Por outro lado, não acreditamos que existam condições políticas necessárias para que as organizações multilaterais prestem assistência econômica à China, uma vez que os estatutos dessas organizações não estarão em conformidade com os requisitos e condições que a nomenclatura chinesa desejará impor. Embora seja verdade que essas organizações tiveram um papel de liderança durante a crise asiática do final dos anos 90, pensamos que as condições prevalecentes hoje são diferentes.
Finalmente, a depreciação da moeda será a ferramenta preferida pelos governantes das diferentes nações para enfrentar as conseqüências da guerra comercial. No entanto, este será um mecanismo carece de eficácia ou, na melhor das hipóteses LSO casos, um número de mitigar os problemas que surgem.

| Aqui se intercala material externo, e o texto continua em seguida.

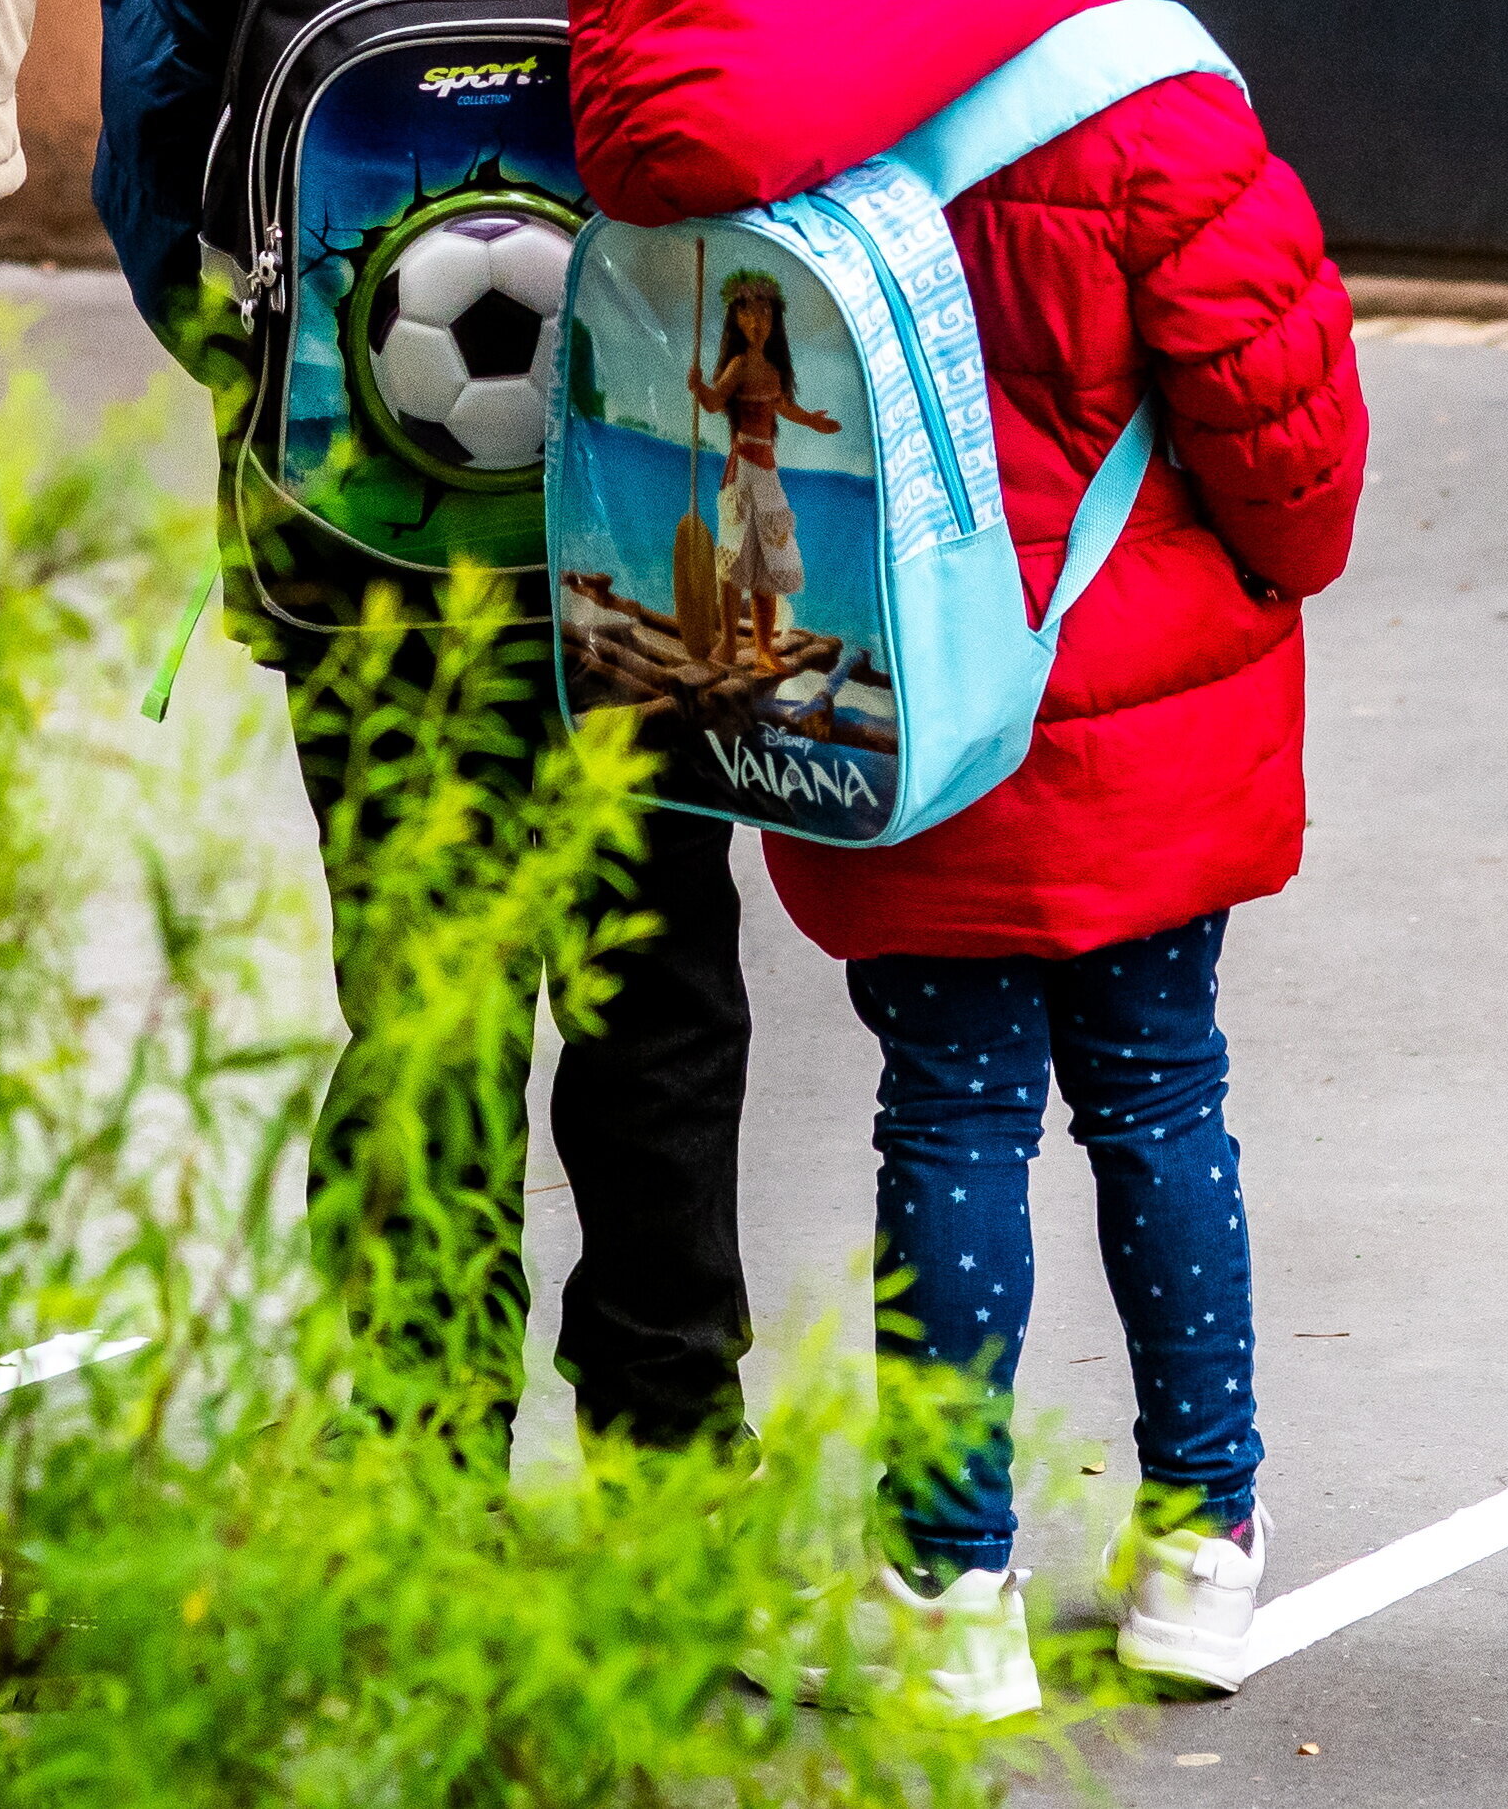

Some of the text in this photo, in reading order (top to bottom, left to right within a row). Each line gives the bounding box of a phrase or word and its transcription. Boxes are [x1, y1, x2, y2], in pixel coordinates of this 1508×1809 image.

[456, 93, 512, 106] COLLECTION
[756, 720, 815, 757] Disney
[703, 728, 880, 809] VAIANA
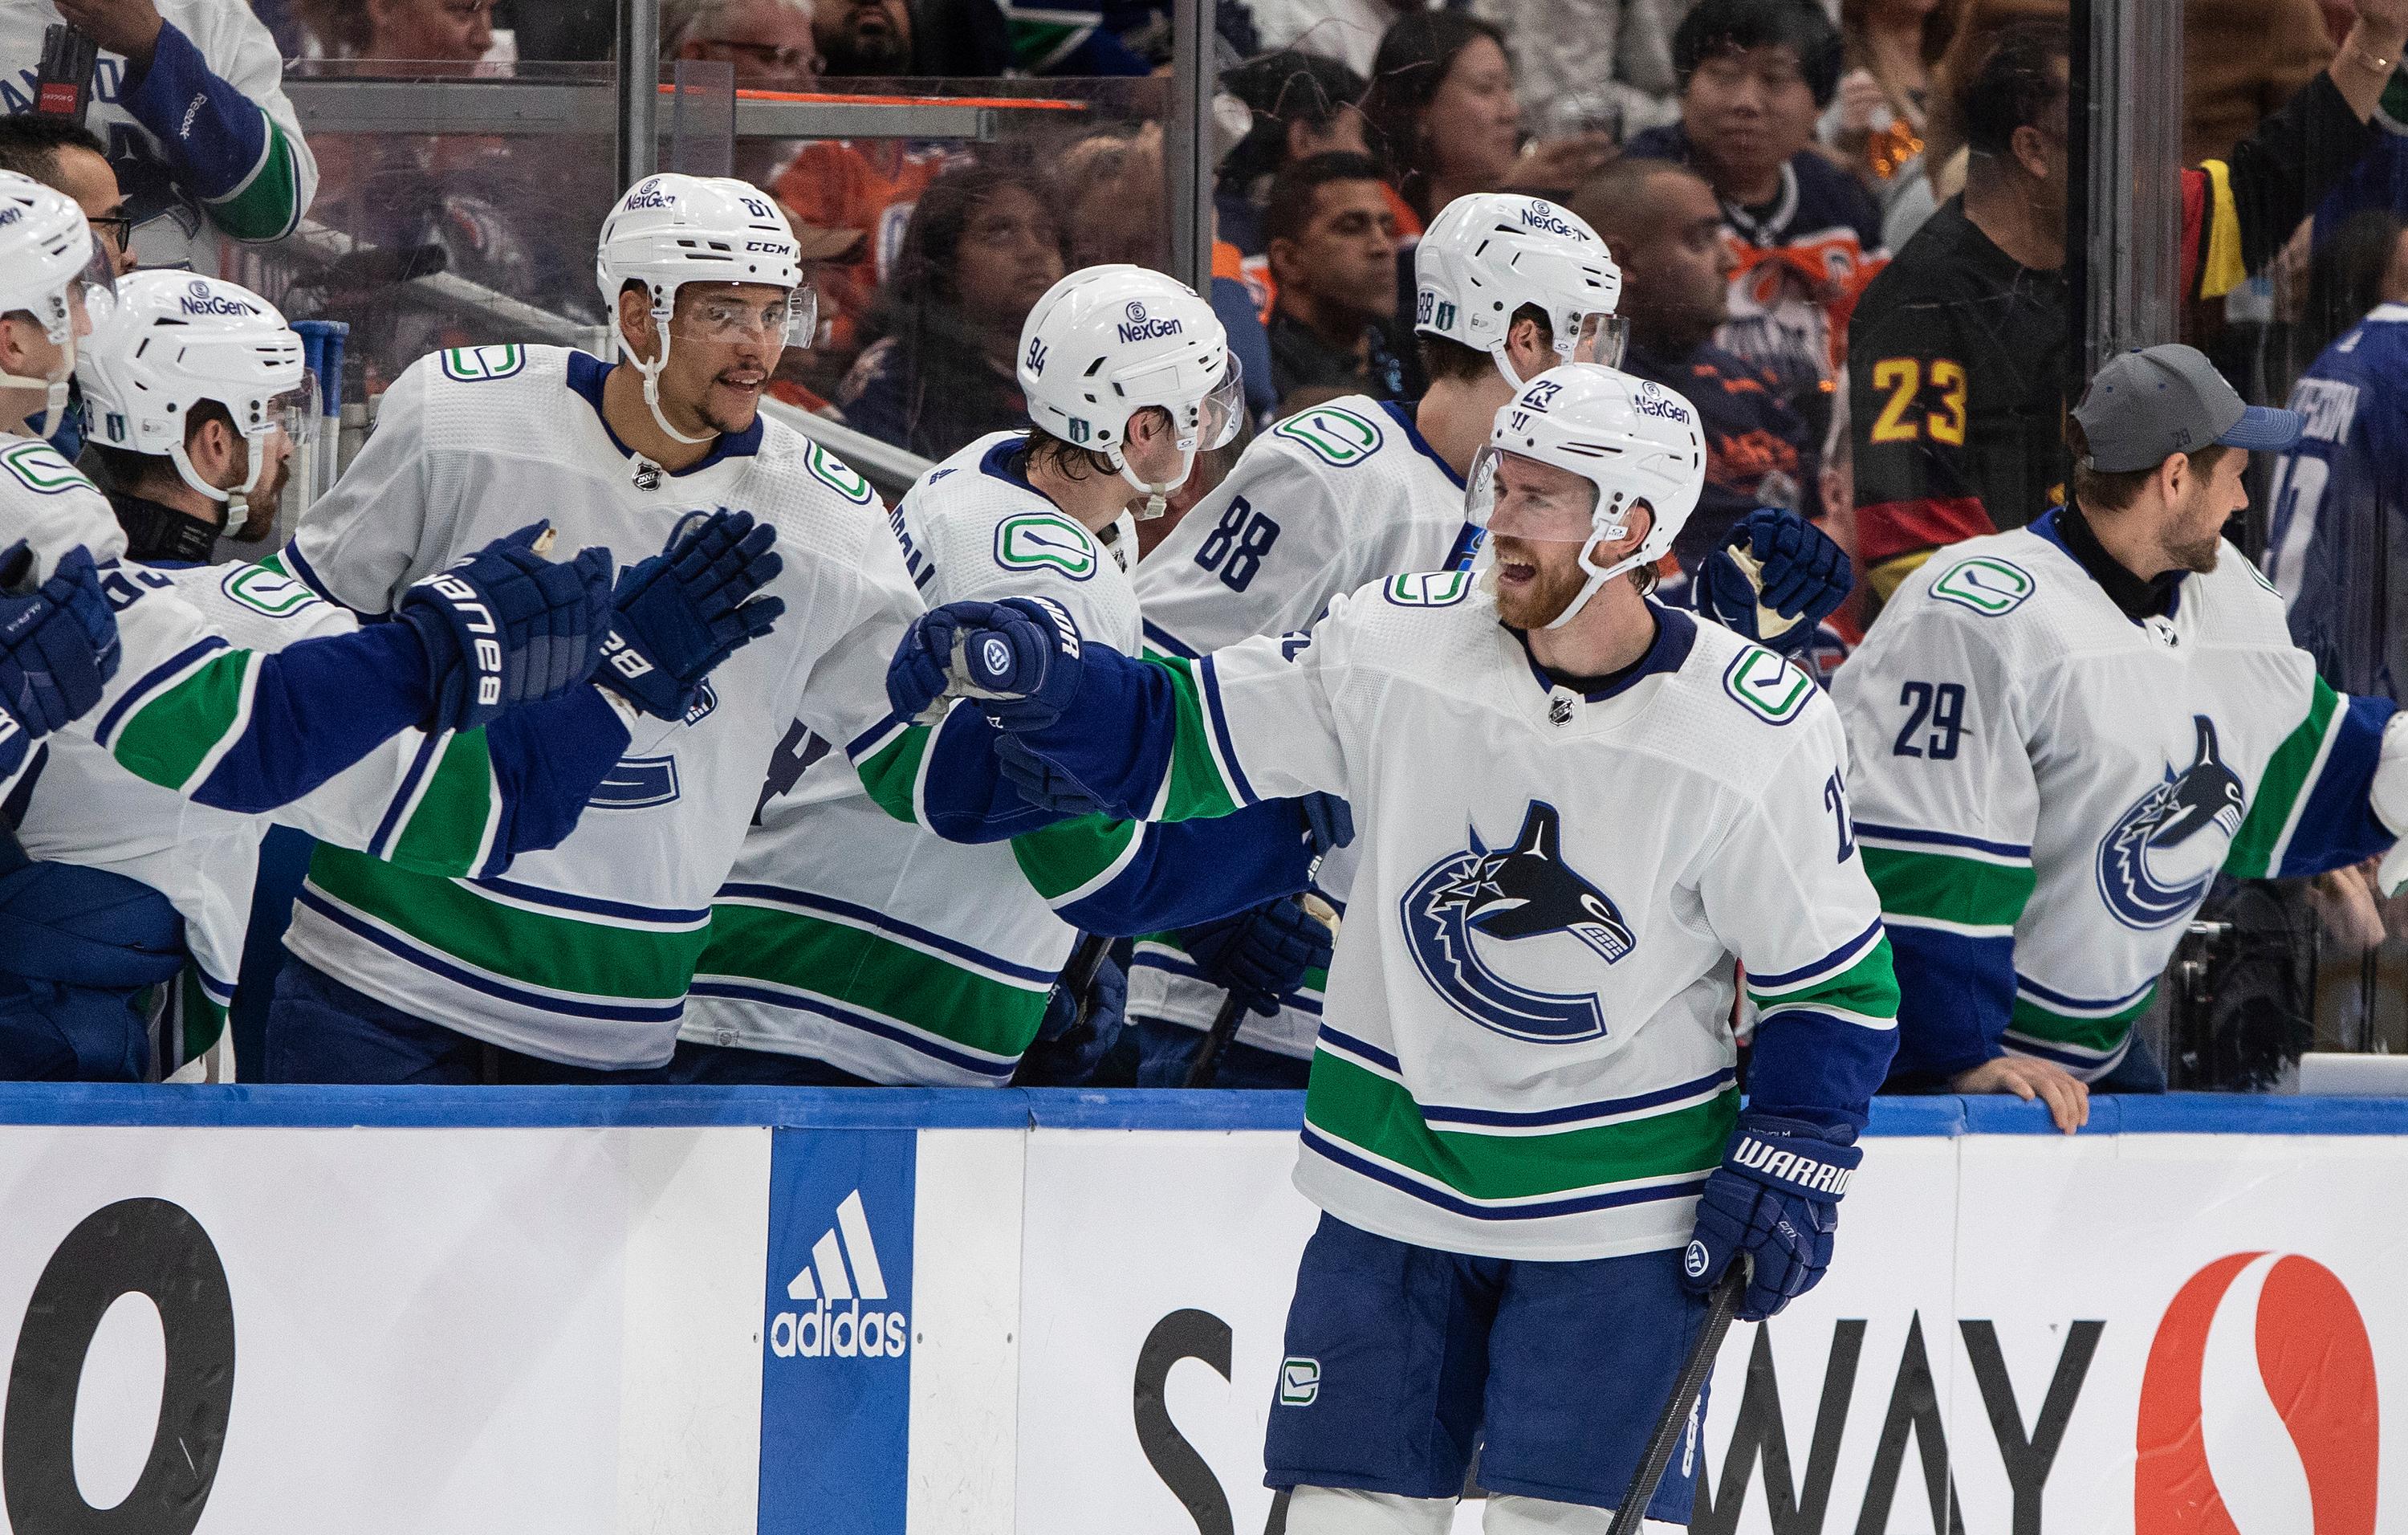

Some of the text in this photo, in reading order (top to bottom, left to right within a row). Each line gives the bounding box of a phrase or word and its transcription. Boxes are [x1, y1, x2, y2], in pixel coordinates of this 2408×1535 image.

[179, 92, 208, 140] Reebok
[623, 191, 676, 211] NexGen
[739, 197, 775, 218] 81
[1521, 208, 1585, 242] NexGen
[746, 242, 791, 255] CCM
[179, 296, 248, 316] NexGen
[1417, 292, 1434, 324] 88
[1117, 319, 1182, 344] NexGen
[1026, 336, 1047, 377] 94
[1523, 380, 1563, 408] 23
[1634, 394, 1690, 425] NexGen
[1871, 357, 1966, 446] 23
[1194, 495, 1280, 592] 88
[1893, 681, 1967, 760] 29
[770, 1299, 905, 1358] adidas
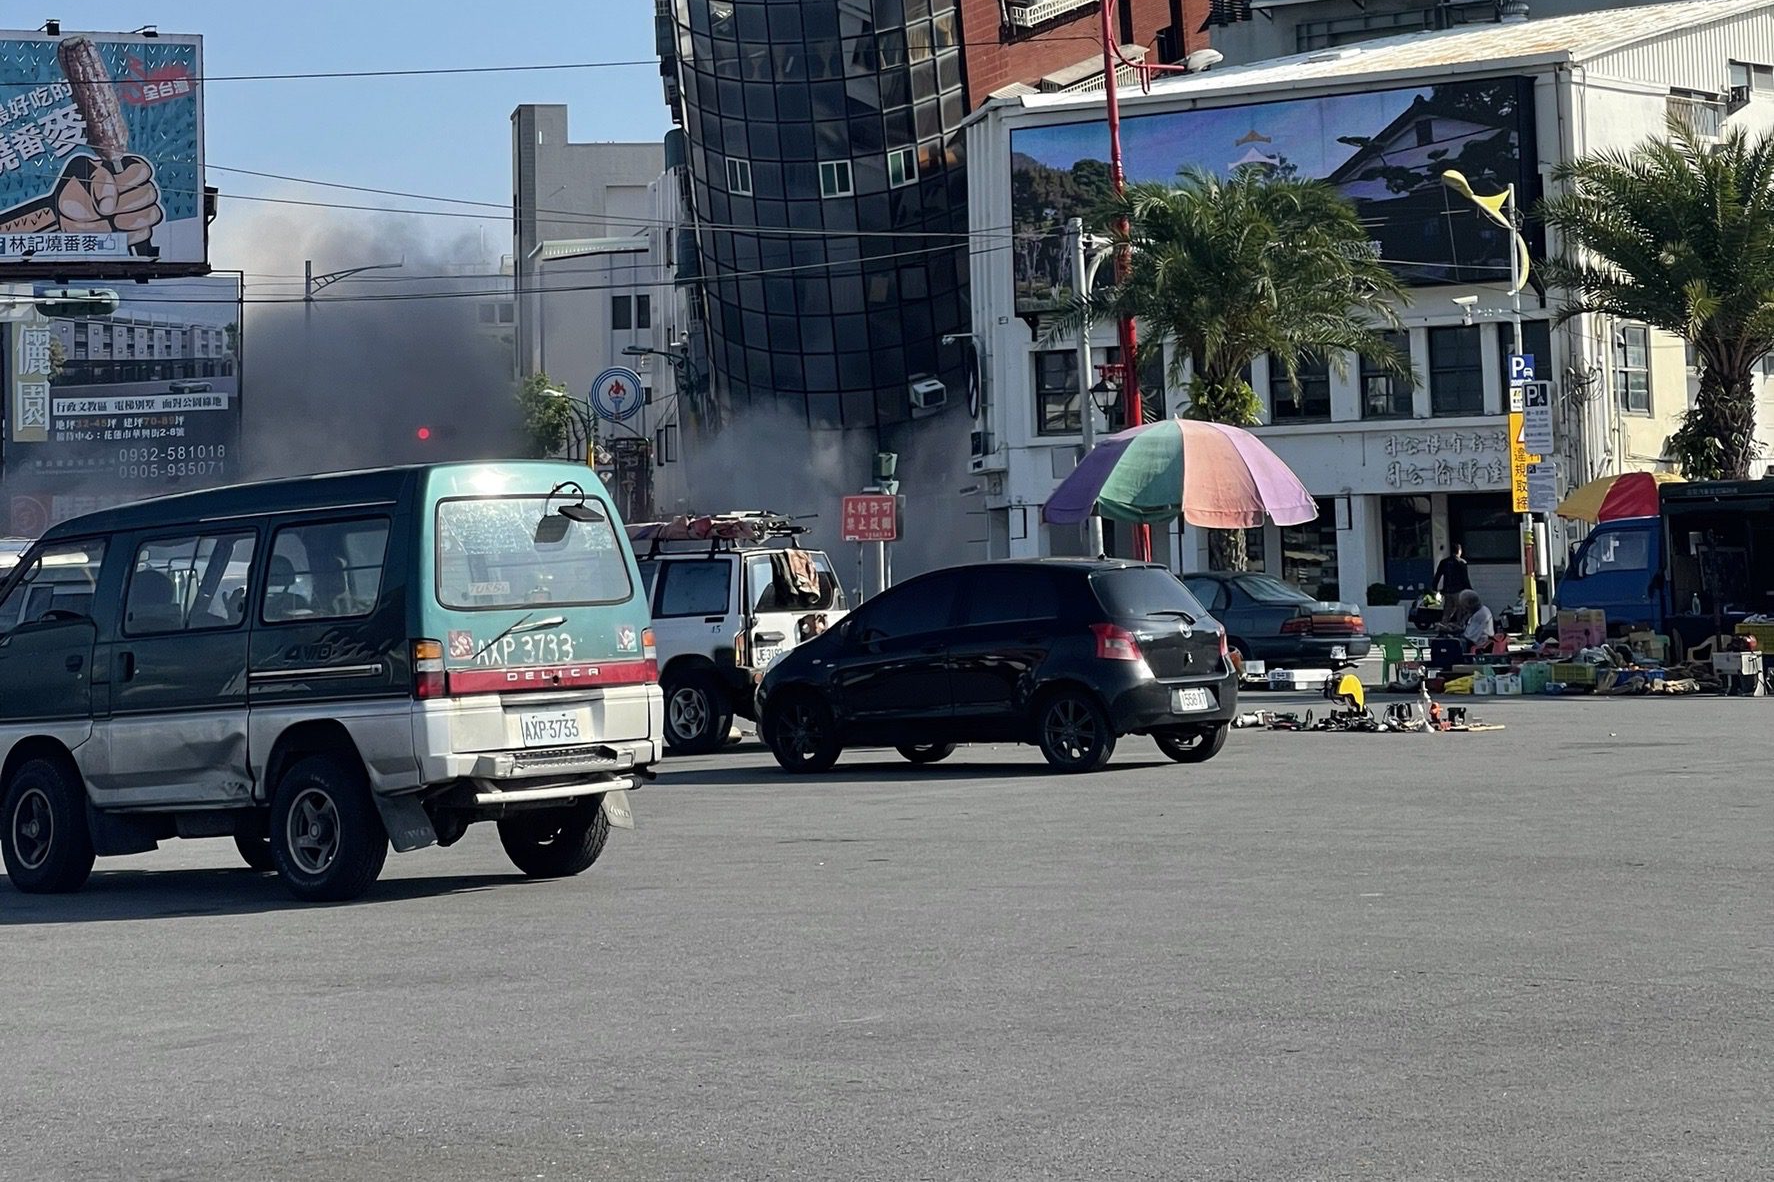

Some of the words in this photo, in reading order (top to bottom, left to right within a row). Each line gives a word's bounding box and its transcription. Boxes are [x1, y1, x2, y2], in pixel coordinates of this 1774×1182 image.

Acreditamos que a concessão de subsídios a empresas será o instrumento que impedirá o fechamento massivo de empresas e que várias nações adotarão como resultado da guerra comercial. Obviamente, nem todos os países têm o poder de implementar um mecanismo de distribuição de subsídios às empresas, nem todas as empresas estão em posição de recebê-los. Ou seja, dado que a China é o eixo a partir do qual a hipotética depressão econômica global começará, é absolutamente essencial que instale esse mecanismo para conceder subsídios às empresas, especialmente quando tiver recursos financeiros abundantes para esse fim. Para isso, deve-se levar em consideração que a distribuição desses subsídios não pode ser maciça, mas seletiva; onde um dos critérios de seleção mais importantes deve ser o tamanho do volume das importações feitas anualmente por cada empresa. Esse critério cria um viés que prejudica as empresas que atendem ao mercado doméstico, portanto seria necessário implementar algum mecanismo compensatório que anule o referido viés.
![]() |
| international reserves countries |
De qualquer forma, o primeiro choque que os países receberão como resultado da guerra comercial, independentemente de seu grau de conexão com a China, será: depreciação da moeda, contração do produto por meio de menor demanda agregada e menor oferta agregada ; inflação, especificamente inflação de custos; contração de receitas e despesas fiscais; redução de fontes de financiamento fiscal; redução de consumo interno; desemprego Esse é um processo de ajuste que envolve a destruição de uma parte das cadeias globais de produção, porque elas não são mais úteis. Nesse contexto, é necessário repensar os esquemas globais de produção com base em novas idéias e novos princípios. Até que esse novo esquema de produção global apareça, a maioria das economias do planeta poderá ficar submersa em uma espécie de estagnação perene, de crescimento não econômico, de mera sobrevivência.